Примерный сценарий раскулачивания изложен в письме курсантки Пермской совпартшколы (А. А. Тюриной), датированный мартом 1930 года: «Я, курсантка Пермской СПШ Тюрина Анастасия Андриановна, работаю на зимней практике в селе Медянка с 24 февраля. Со дня моего приезда идет в Медянке раскулачивание таким образом: ночью едут члены коммуны, председатель колхоза, секретарь партийной ячейки т. Ильин к назначенным лицам и делают опись имущества полностью, с инвентарем, скота и до маленького гвоздичка и потом увозят в склад; если попадется что съестное из продуктов, то оно попадало в руки ликвидаторов имущества и разносили кто сколько может взять. Был факт: при отчуждении забирали мед, яйца, масло, вино, семя и делили между членами коммуны, снимали валенки с ног, платья с женщин, отбирали постель и деньги, если попадут, даже у одной старушки были взяты 20 копеек... Было взято: кольца с рук, продукты, которые отчуждены, капуста, огурцы, кадки, все это сброшено и нет догляда, а имущество сложено в куче... ночью увозили хлеб возами...» И однажды, продолжает А. А. Тюрина, на одном из собраний «...членов коммуны и членов коллектива по обсуждению о выселении индивидуальных и лишенцев хозяйств... постановили отобрать у всех индивидуалов и лишенцев все имущество до последнего даже гвоздика и разделить в коммуну и колхоз.
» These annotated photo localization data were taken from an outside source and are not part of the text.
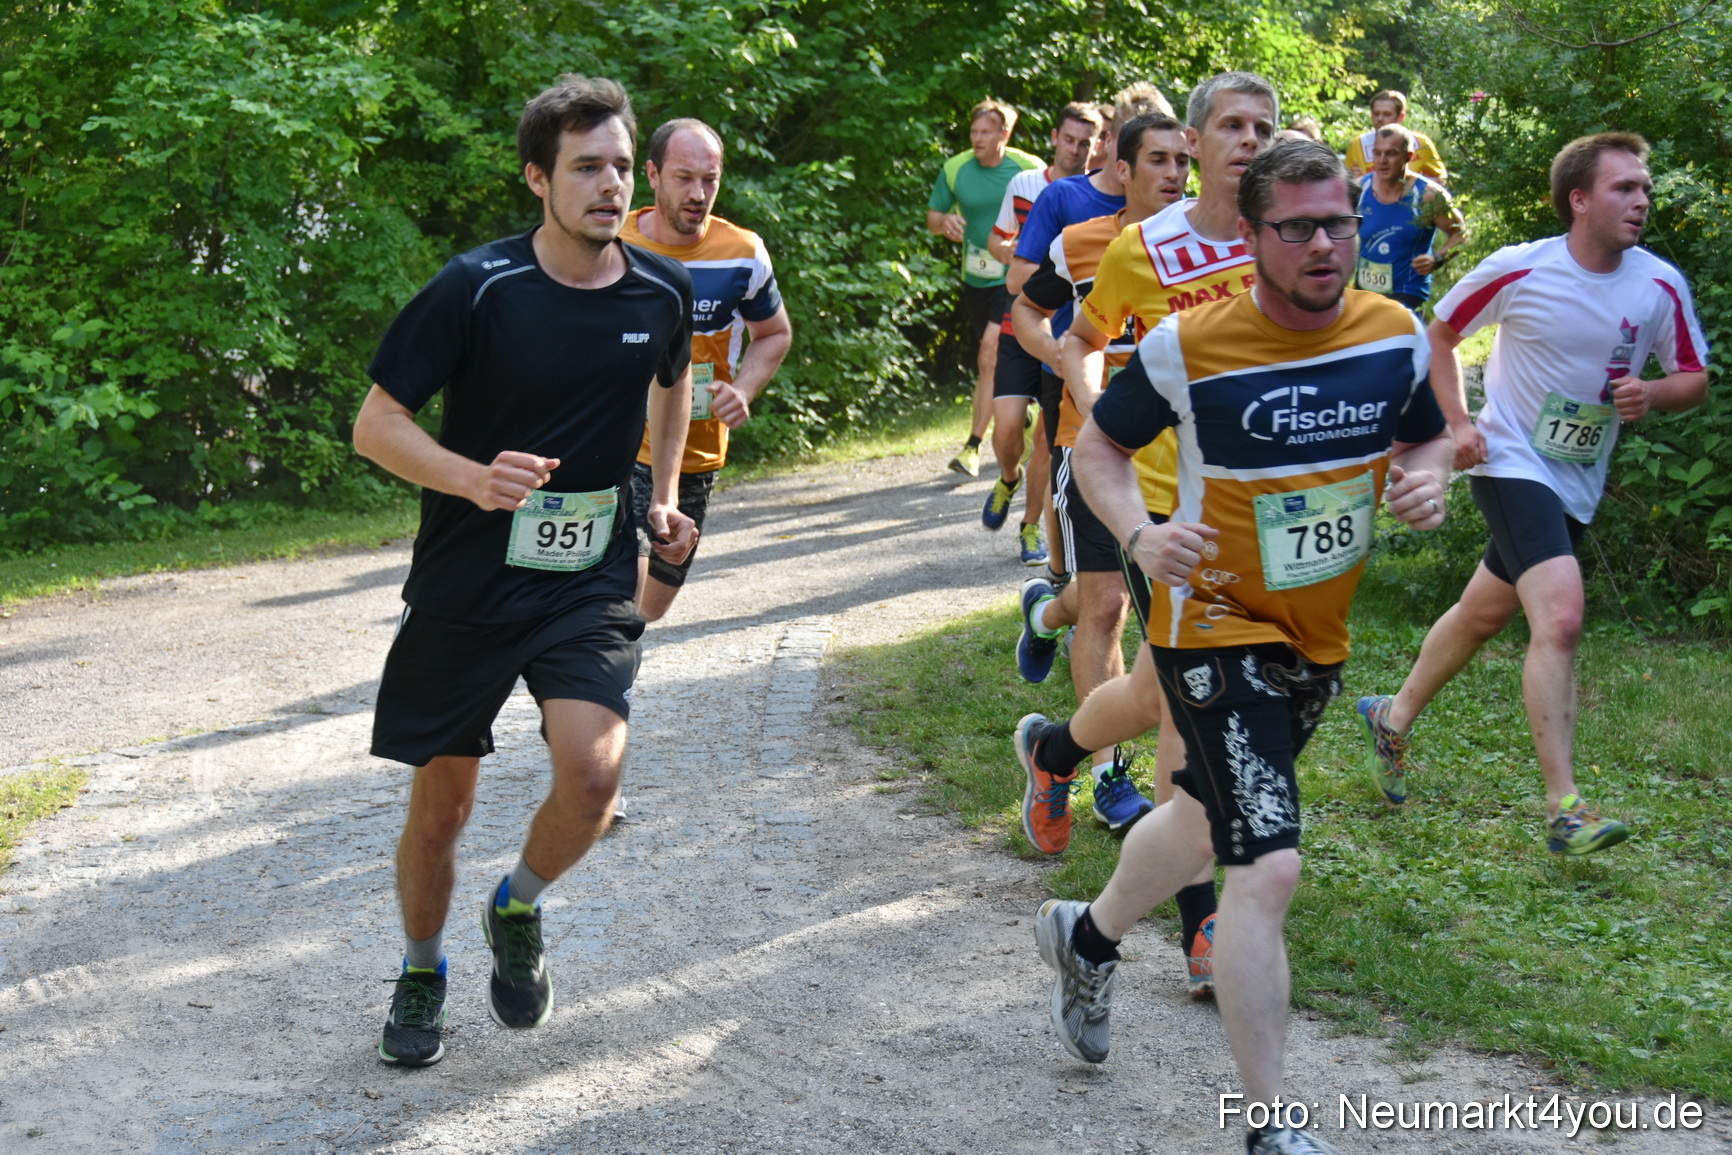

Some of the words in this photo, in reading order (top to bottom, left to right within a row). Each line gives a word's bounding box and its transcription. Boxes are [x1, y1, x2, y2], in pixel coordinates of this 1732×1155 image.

[979, 260, 987, 270] 9
[1361, 270, 1387, 286] 1530
[1167, 280, 1234, 313] MAX
[622, 332, 650, 344] PHILIPP
[1271, 400, 1389, 433] Fischer
[1285, 423, 1380, 446] AUTOMOBILE
[1548, 419, 1604, 447] 1786
[536, 519, 595, 550] 951
[1286, 514, 1354, 560] 788
[565, 550, 591, 558] Philipp
Я на партийном собрании выступила, что так неправильно, все не отбирается, указала, что раскулачивание должно быть: отбирается земля, скот, хлебные излишки, инвентарь и роскошь за неуплату недоимки, они меня приписали к правому уклону...»
С осени 1930 года начинается новый этап сплошной коллективизации, а в 1931 году советское руководство занялось организацией «кулацкой» ссылки. По количеству репрессированных крестьян первое место занимал Урал. Спецпоселки для высланных "Кулаков» находились в 69 районах и трех округах Уральской области, в основном в северных районах. Коллективизация и Раскулачивание начала 1930-х годов не решили экономических проблем, в частности зерновой, скорее наоборот: привели к разрушению производительных сил в деревне, падению сельскохозяйственного производства и страшному голоду в 1932-1933 годах, число жертв которого колеблется от 6 до 16 млн человек.
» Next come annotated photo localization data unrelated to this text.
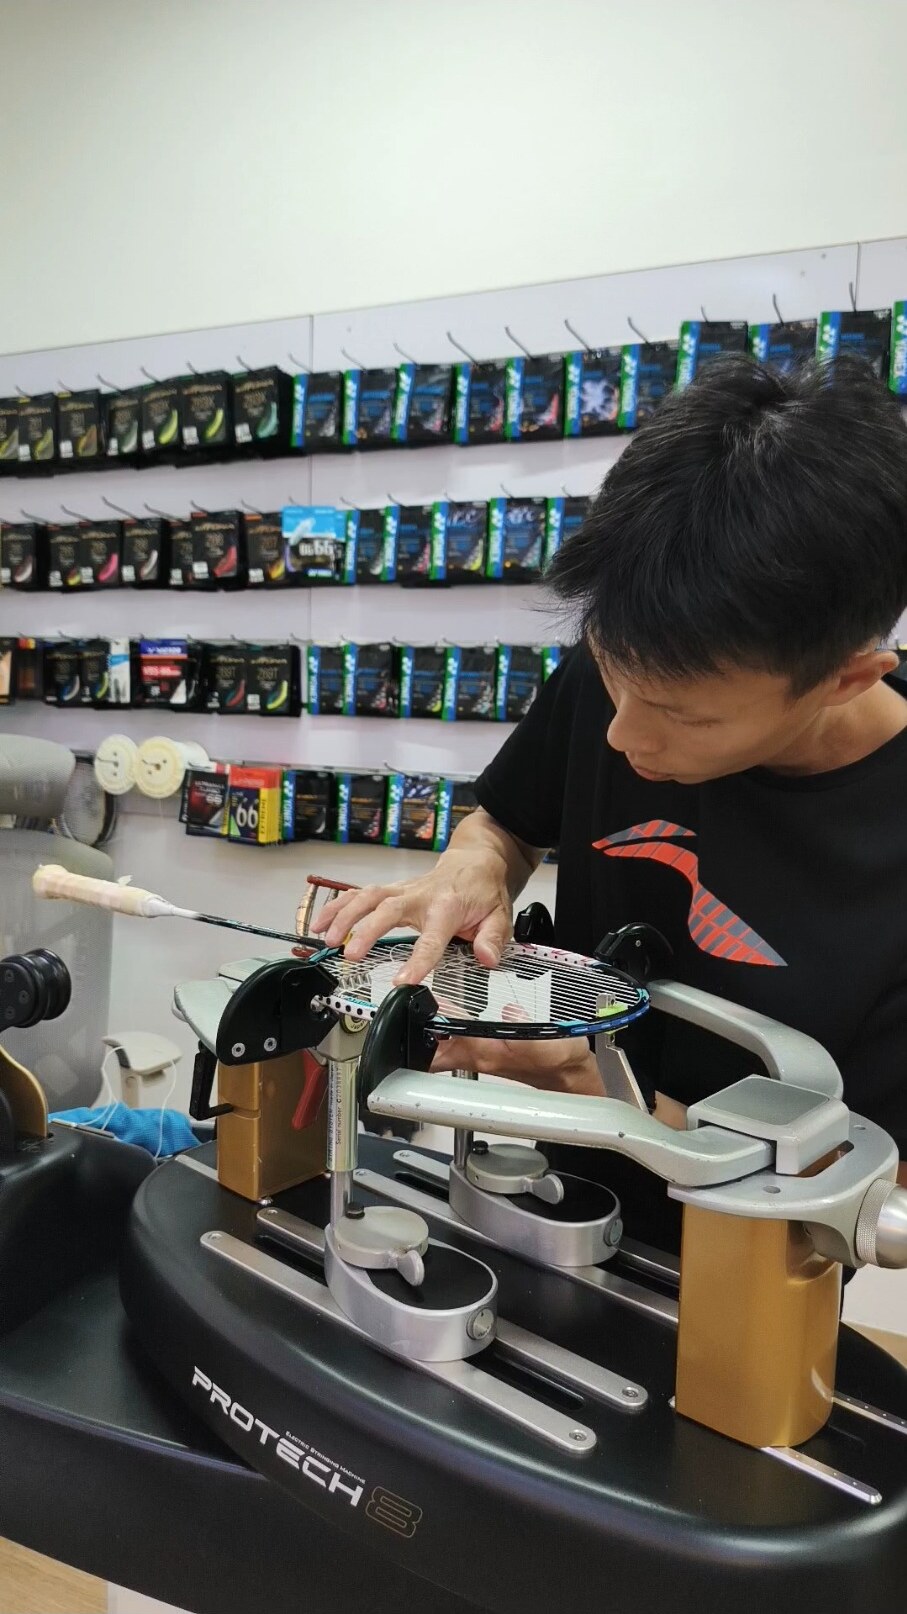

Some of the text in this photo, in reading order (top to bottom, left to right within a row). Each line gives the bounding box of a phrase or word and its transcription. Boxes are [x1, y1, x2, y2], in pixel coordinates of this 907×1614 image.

[236, 798, 259, 829] 66
[283, 799, 293, 827] YONEX
[337, 802, 348, 831] YONEX
[387, 803, 398, 833] YONEX
[436, 811, 447, 840] YONEX
[192, 1366, 423, 1538] PROTECH 8
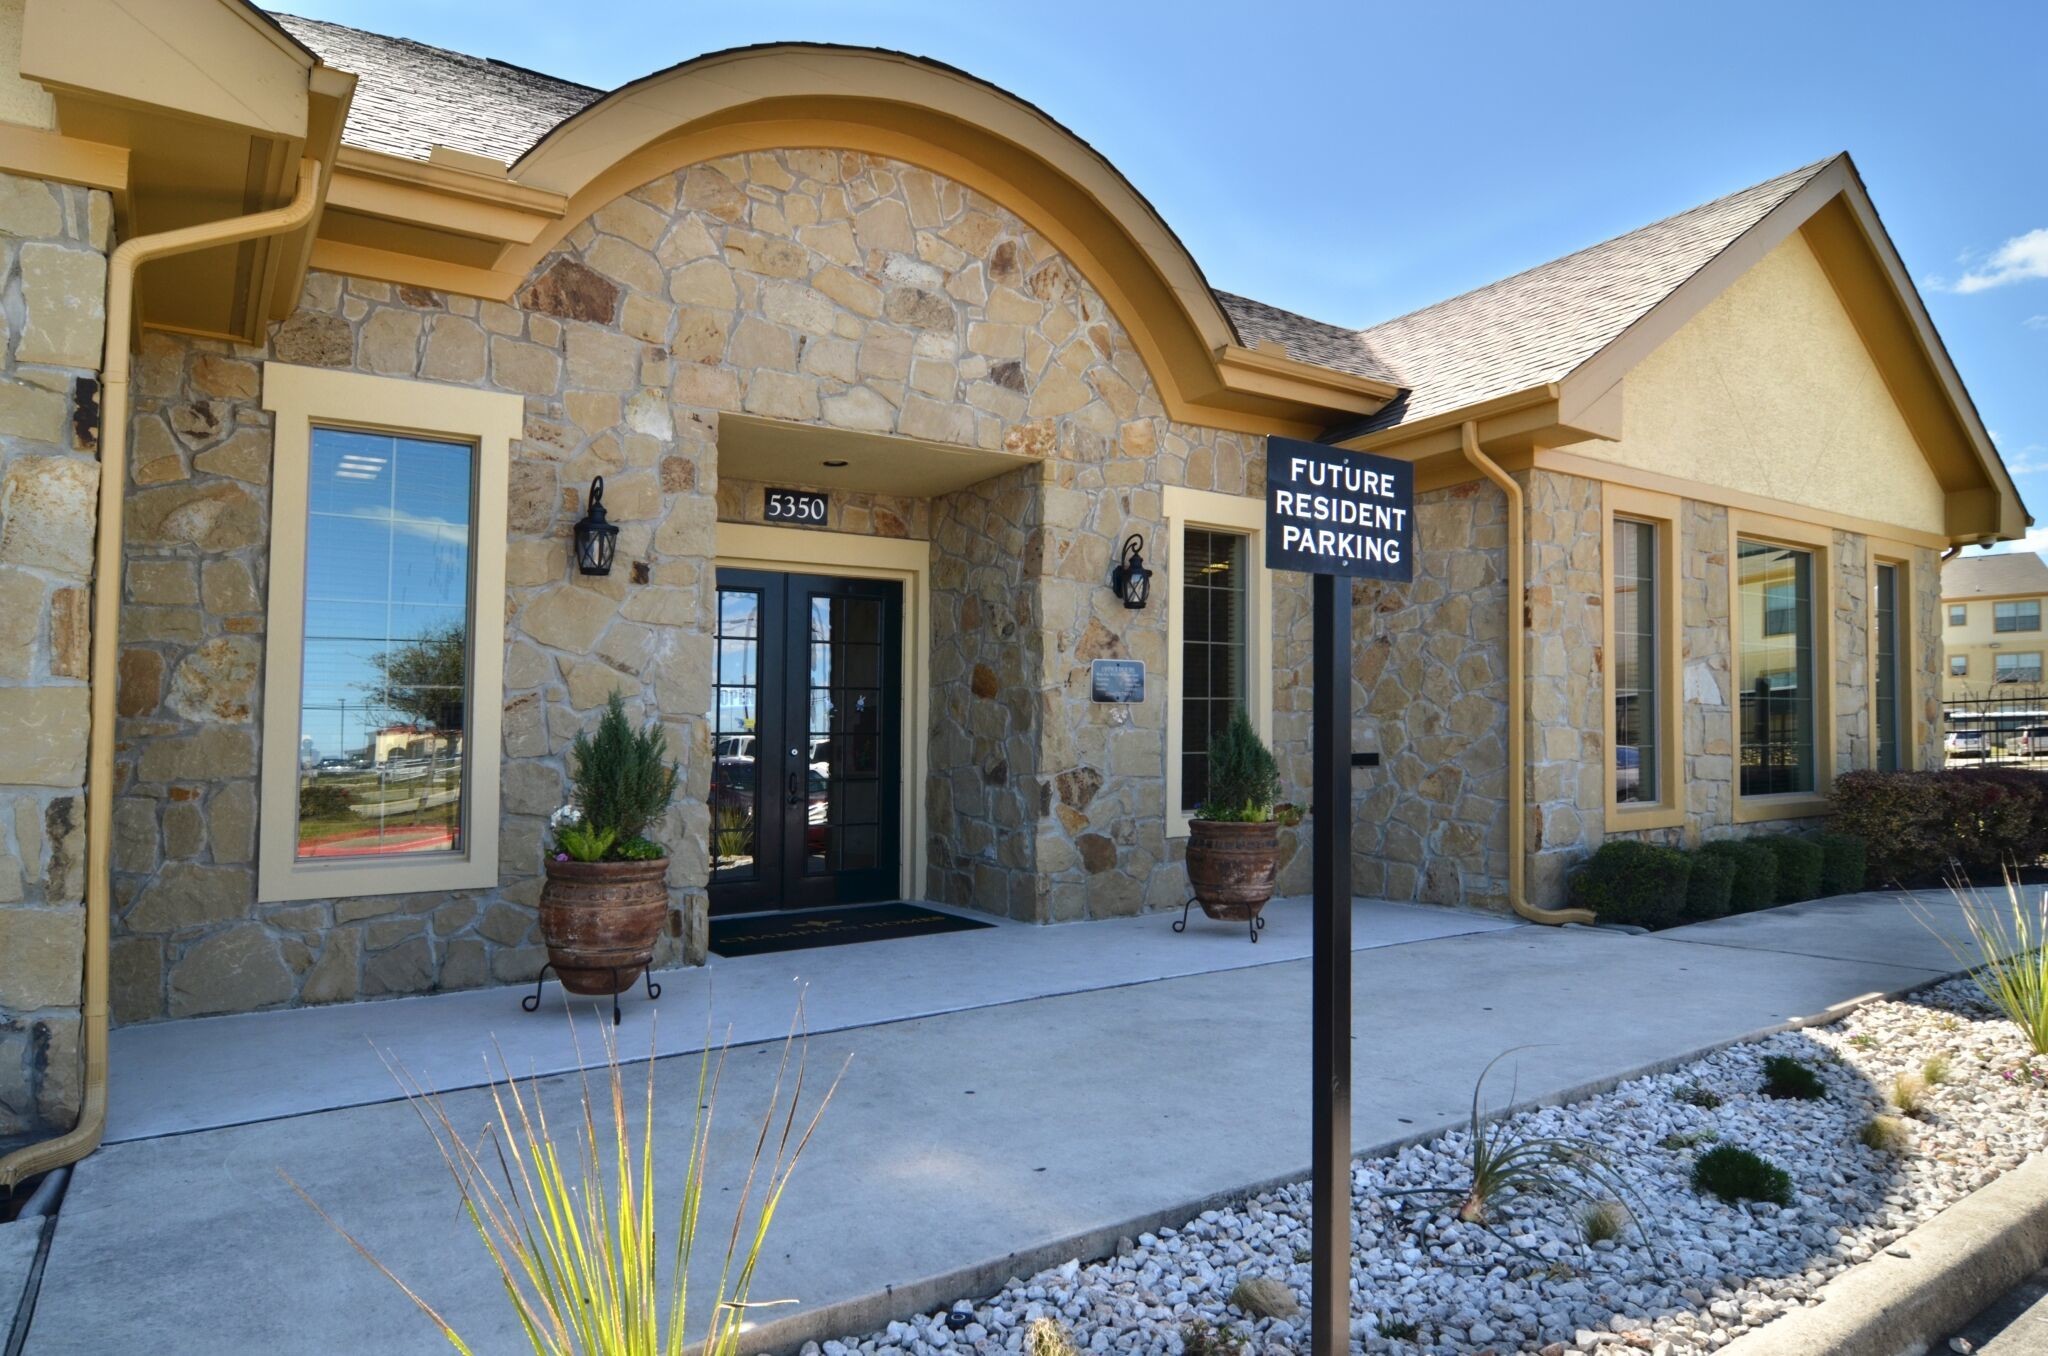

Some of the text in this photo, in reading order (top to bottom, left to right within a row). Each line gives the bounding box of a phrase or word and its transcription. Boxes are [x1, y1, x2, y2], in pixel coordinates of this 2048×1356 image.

[1291, 457, 1395, 498] FUTURE
[768, 494, 825, 520] 5350
[1276, 489, 1406, 531] RESIDENT
[1283, 525, 1400, 564] PARKING
Коллективизация была завершена в 1937-1938 годах. Колхозы, появившиеся в результате данной аграрной политики, по существу являлись государственными предприятиями. Государство имело монопольное и практически неограниченное право распоряжаться колхозом и произведенной им продукцией по своему усмотрению. Таким образом, советская власть, в первую очередь используя внеэкономические методы принуждения, насилие и репрессии, а также налоговый гнет, осуществила сплошную коллективизацию, в результате чего крестьянство перестало существовать в прежнем значении этого слова. Оно окончательно потеряло свою экономическую самостоятельность и превратилось в послушного раба тоталитарного государства.
Источники и литература:
Гайдар Е. Т. Долгое время. Россия в мире: очерки экономической истории. — М: Дело, 2005.
Ивницкий Н. А. Коллективизация и раскулачивание. — М., 1994.
Белавин А. М. Страницы истории земли Пермской. — Пермь, 1997.
Данилов В. П., Ивницкий Н. А. Документы свидетельствуют. — М.,1989.
Иванова М. А. Коллективизация в Прикамье: насилие без границ// Годы террора: Книга памяти жертв политических репрессий. — Пермь: Здравствуй, 1998.